Recently I’ve been taking some time to try to learn the web animation program called Flash. As with a lot of these big graphics programs it’s been slow going. The problem is that everything is so wide open that I’m having trouble focusing. That and I was never a fan of making animation. Minor detail.

Flash is more than an animation program because it allows for viewer interaction. A person can start and stop things, trigger new things to happen, and move things around. That’s all very interesting from an artist’s point of view. It’s the part I like. But it’s all new and there are very few guide lines on the subject. There are books and websites devoted to teaching and sharing how to do things in Flash but those are mostly for commercial type work; little animations and web banners. Those are actually not too difficult to do. Creating art in Flash is a whole different thing.

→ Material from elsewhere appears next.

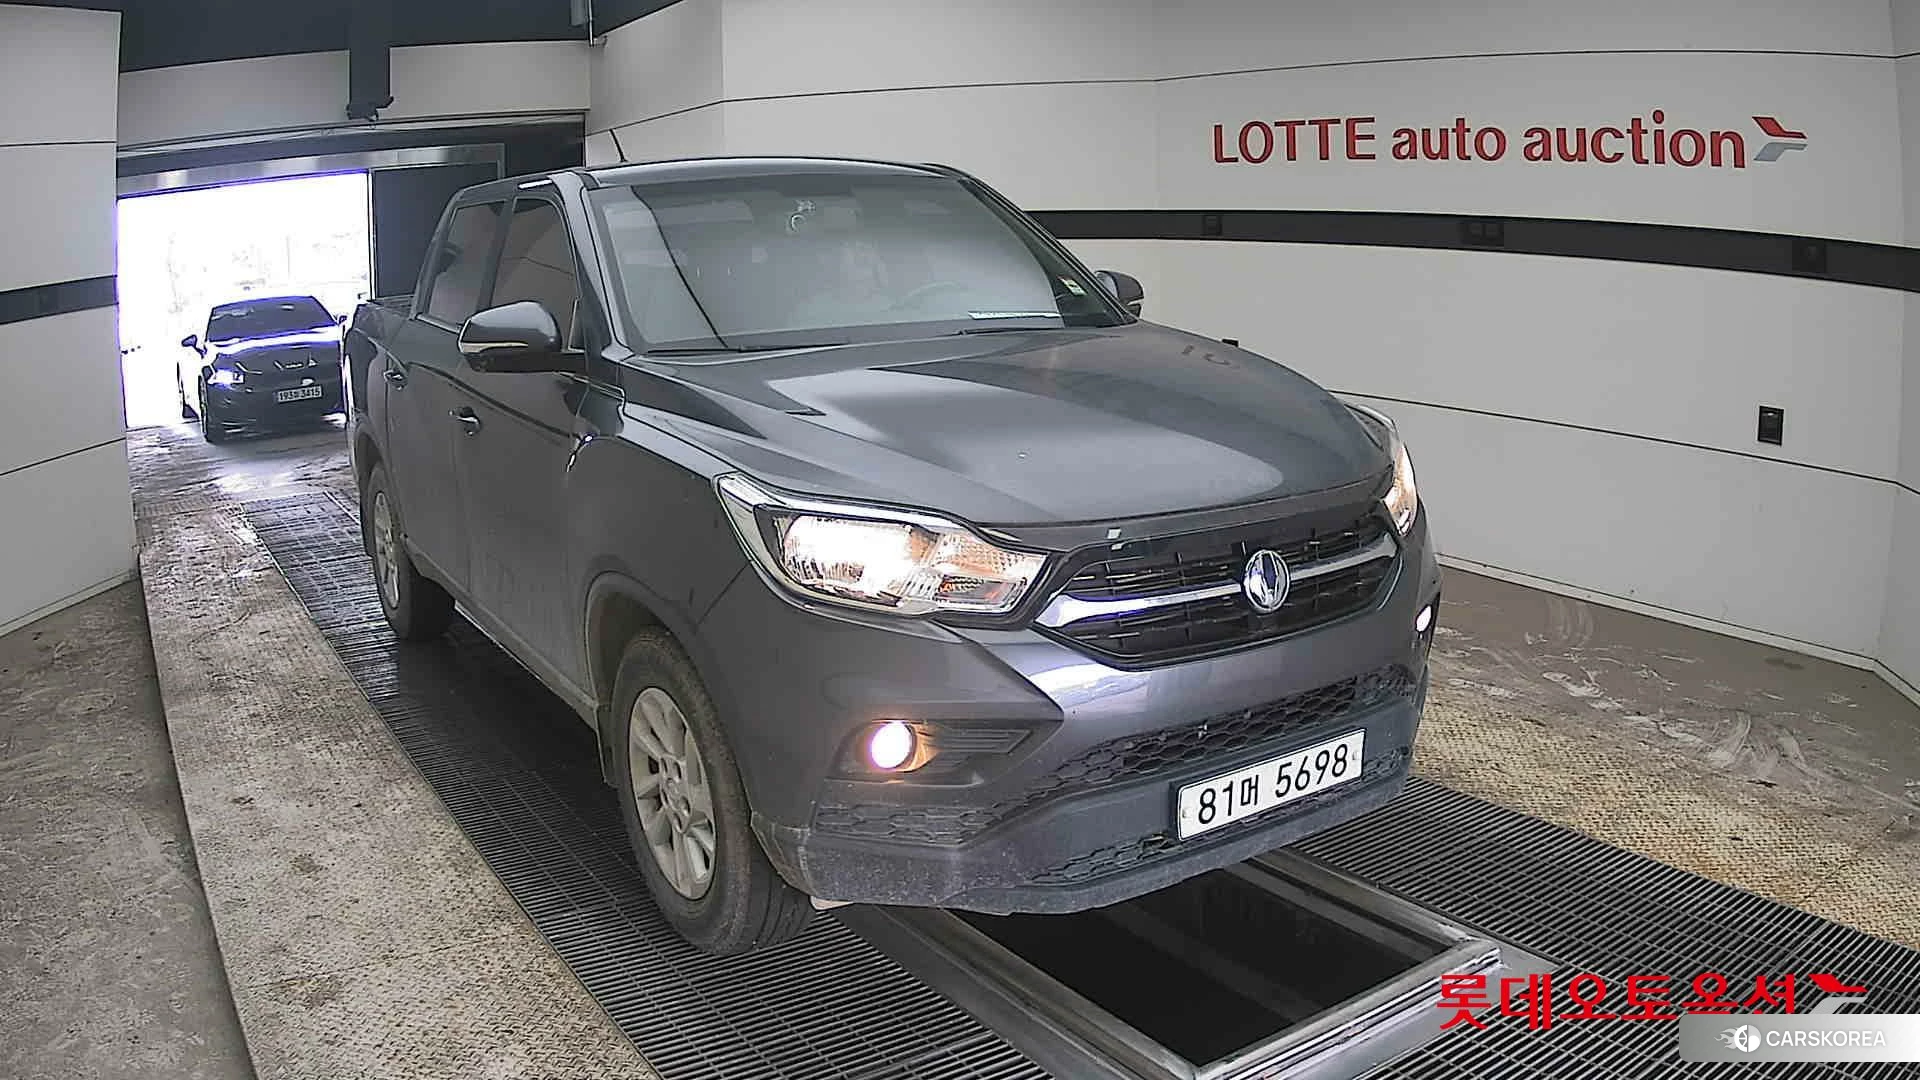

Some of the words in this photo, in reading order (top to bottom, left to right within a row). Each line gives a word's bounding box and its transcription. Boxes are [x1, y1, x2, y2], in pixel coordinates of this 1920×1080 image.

There are certain things that are easy in Flash. Moving things around. By things I mean static drawings sweeping up, down, or side to side on your screen. I call it moving things around and not animation because usually animation is a series of many drawings all slightly different to give the illusion of a character being real and raising his arms or running or some such. Taking a single drawing and moving it around is just, well, moving it around.

Animation is a lot of work. Work that I generally find boring and certainly don’t want to do in my free time. That is one of the problems I’m having in learning Flash. It lends itself to traditional animation which I’m not fond of doing. But it can do a lot of different things too. But thinking outside of tradition isn’t easy. Especially while a novice in the tradition. I get ideas but I can’t chase them down and make them work just yet.

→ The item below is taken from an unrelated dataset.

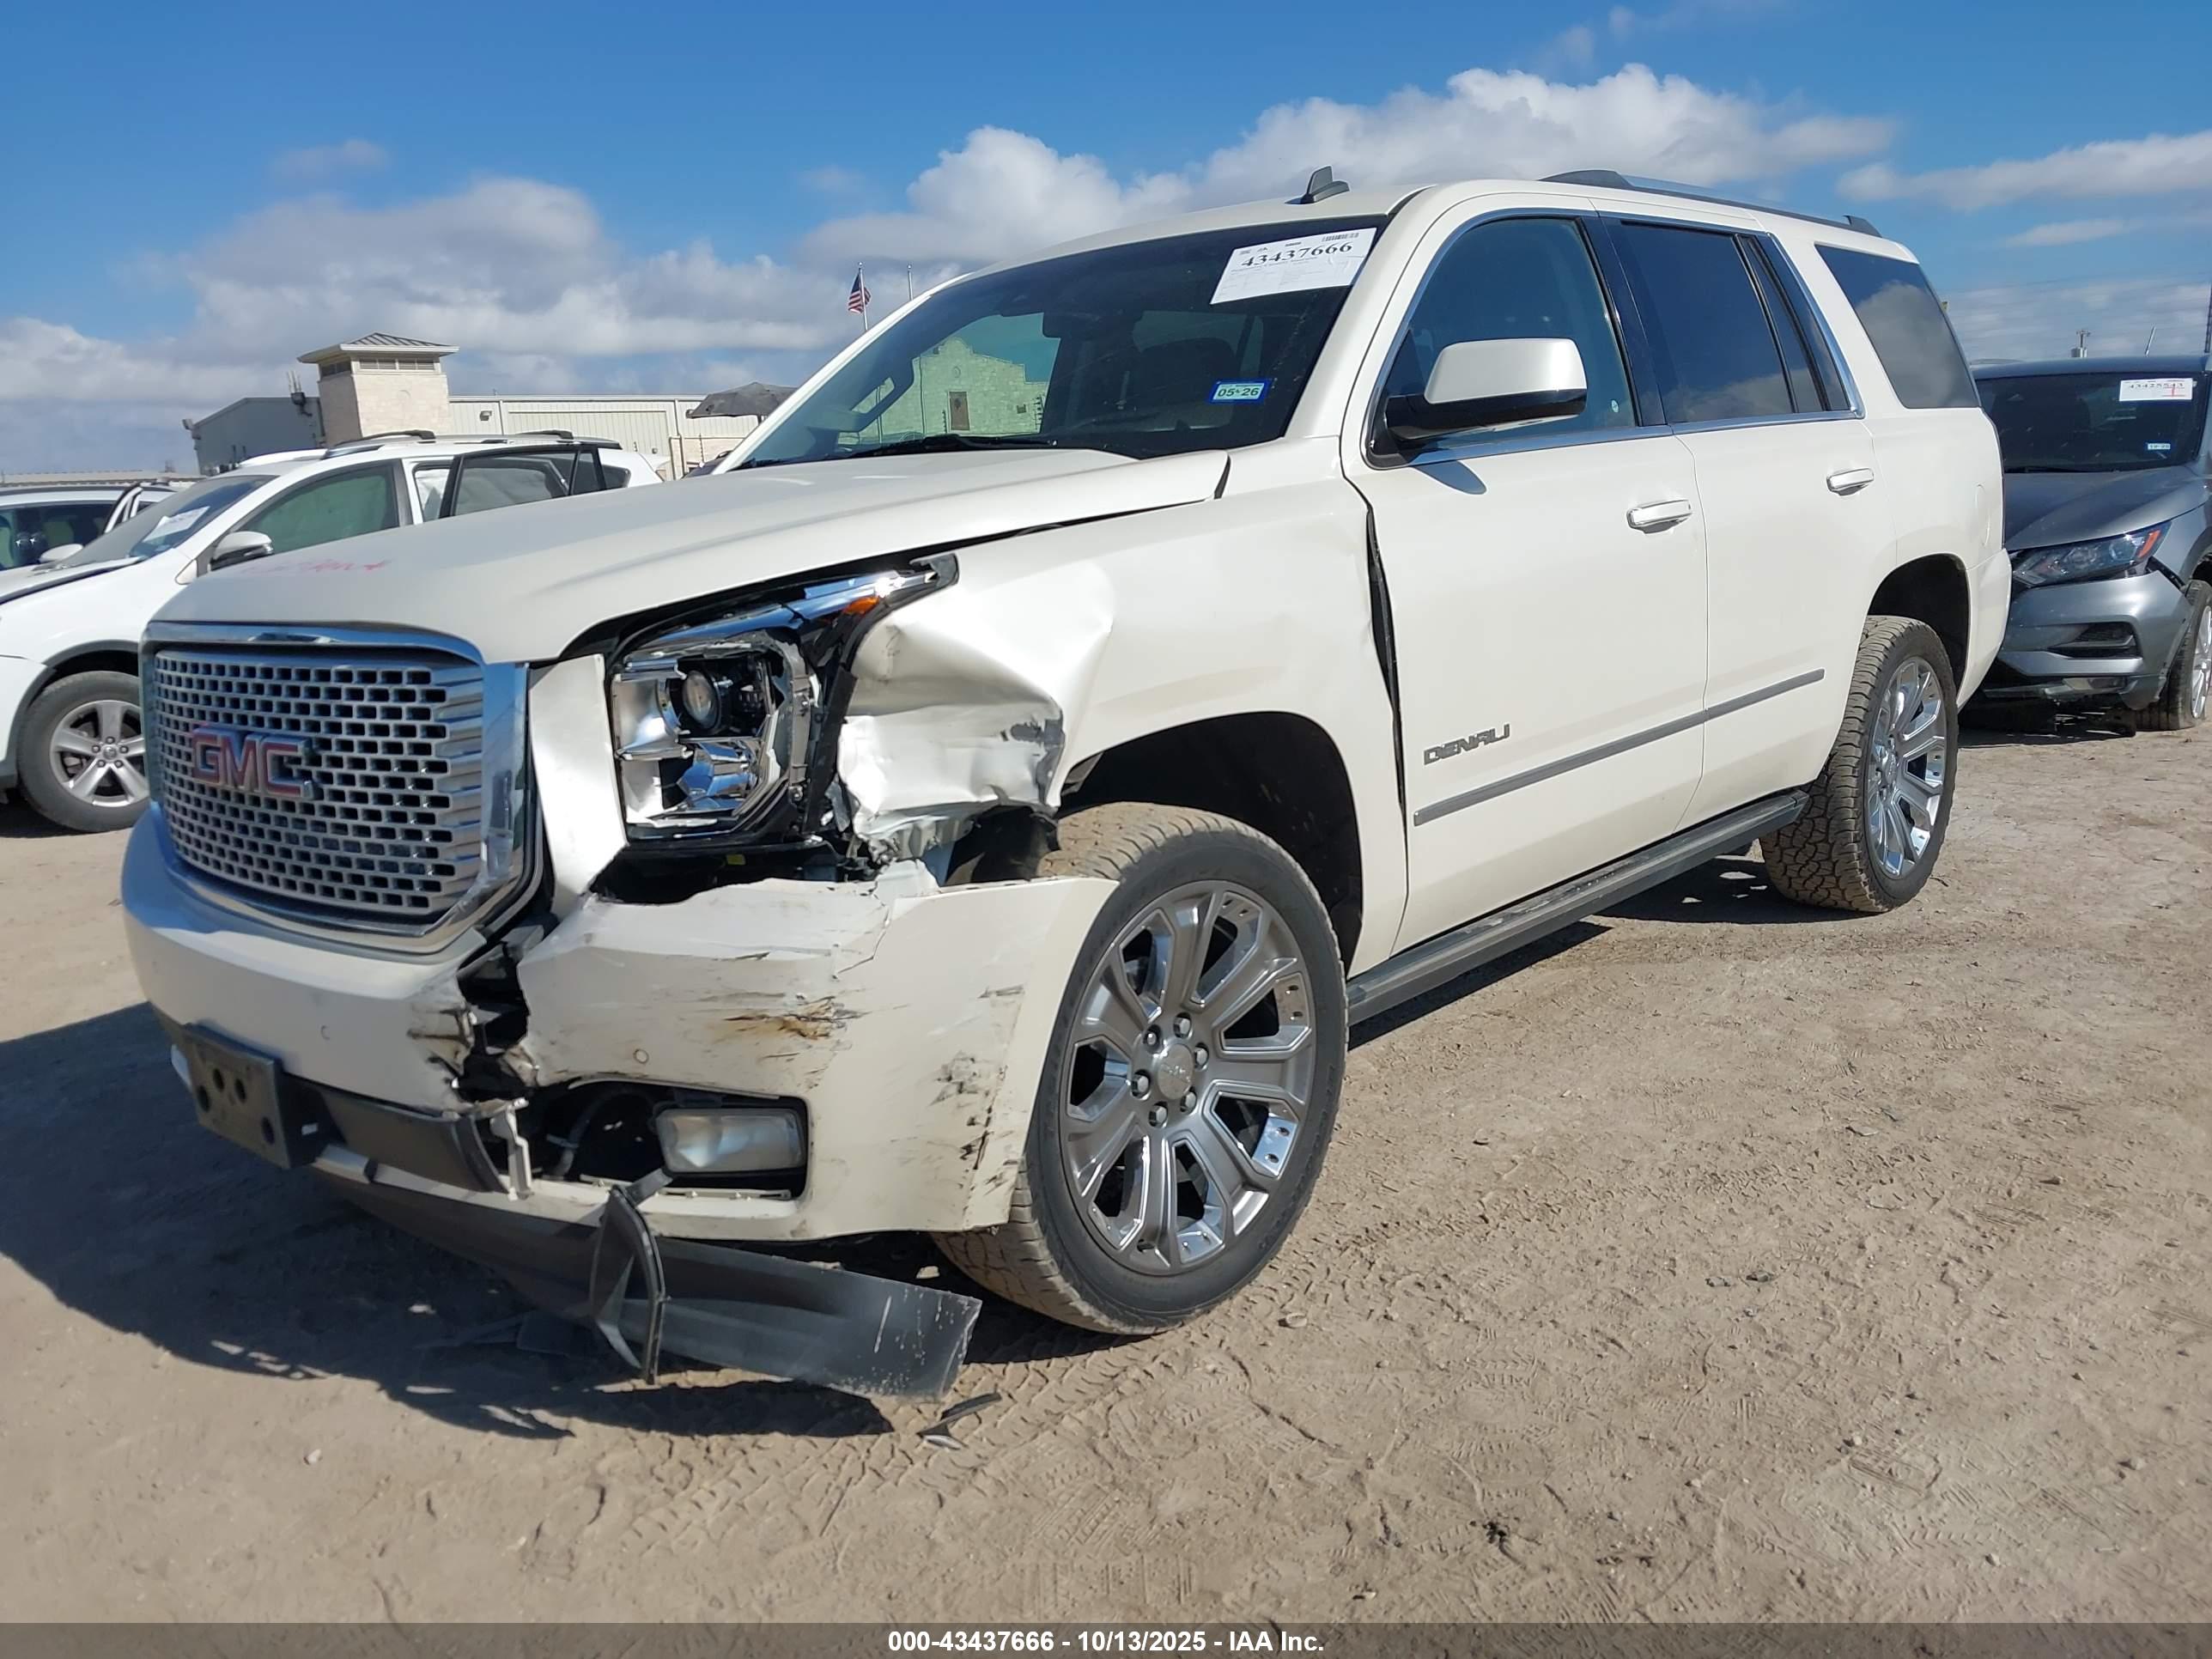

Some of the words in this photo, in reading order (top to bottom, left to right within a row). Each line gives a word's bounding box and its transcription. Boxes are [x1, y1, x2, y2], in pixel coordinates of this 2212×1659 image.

[1241, 241, 1352, 266] 43437666
[191, 727, 313, 799] GMC
[1424, 723, 1510, 765] DENALI

I have stacks of drawings and paintings I can adapt for use in learning this program. But I always want to create new stuff. This is a problem too. It takes a lot of work to create images and characters to work with to learn the program. Creating my own images eats into the total length of time I have to learn Flash but the bouncing ball that they use in the books just isn’t enough for me.

I also prefer learning in a non-linear way. I can’t help but skip around the book. Learning in a straight line is the usual process. Crawl then walk then run. Addition then subtraction then multiplication then division. It makes sense. But for something that involves the creative process linear isn’t always best. Some people respond better when they have sixty four colors to choose from. Some prefer to start with eight. Flash mixes stuff best learned linearly i.e. how to move things around, sync them with sound, and make them interactive, with the creative i.e. what the hell am I going to actually make with this program? So I end up learning a few things at a time and then thinking about what I can do with them. This leads to having to create or adapt more art work which leads to new ideas and having to figure out how to implement these ideas in Flash. It’s very easy to loose focus. I’m usually a focused guy and I find this loss of focus very frustrating.

Speaking of frustrating, I mentioned stacks of drawings and paintings. They are the result of this artistic life I lead. Art hasn’t brought me fame, money, women, or power but I do make things. There is some reward in that. To start something and have a finished piece at the end. Good, bad or indifferent it is something I made. I’ve been working in Flash for a couple of weeks now and nothing is really finished. That is frustrating. It’s expected, I knew this would take a while, but it’s frustrating none the less. I like making things a lot more than leaving them unfinished. Having a few unfinished things around is normal but not too many or despair of ever finishing another piece sets in.

One last thing that bugs me about learning Flash is the constant “think small” attitude. All web programs are concerned with keeping file size to a minimum so that things can be downloaded easier. It is a genuine concern and can’t be ignored but I think so much is made of it that creativity can be hampered. As I’m trying to figure out how to do something I don’t need to be distracted by reading about what I can’t do. My new motto is, “You have to think big before you think small”. A least that’s what’s been keeping me going. Hmmm… maybe I’ll go and paint for a bit.

And there is another little glimpse into what makes me me.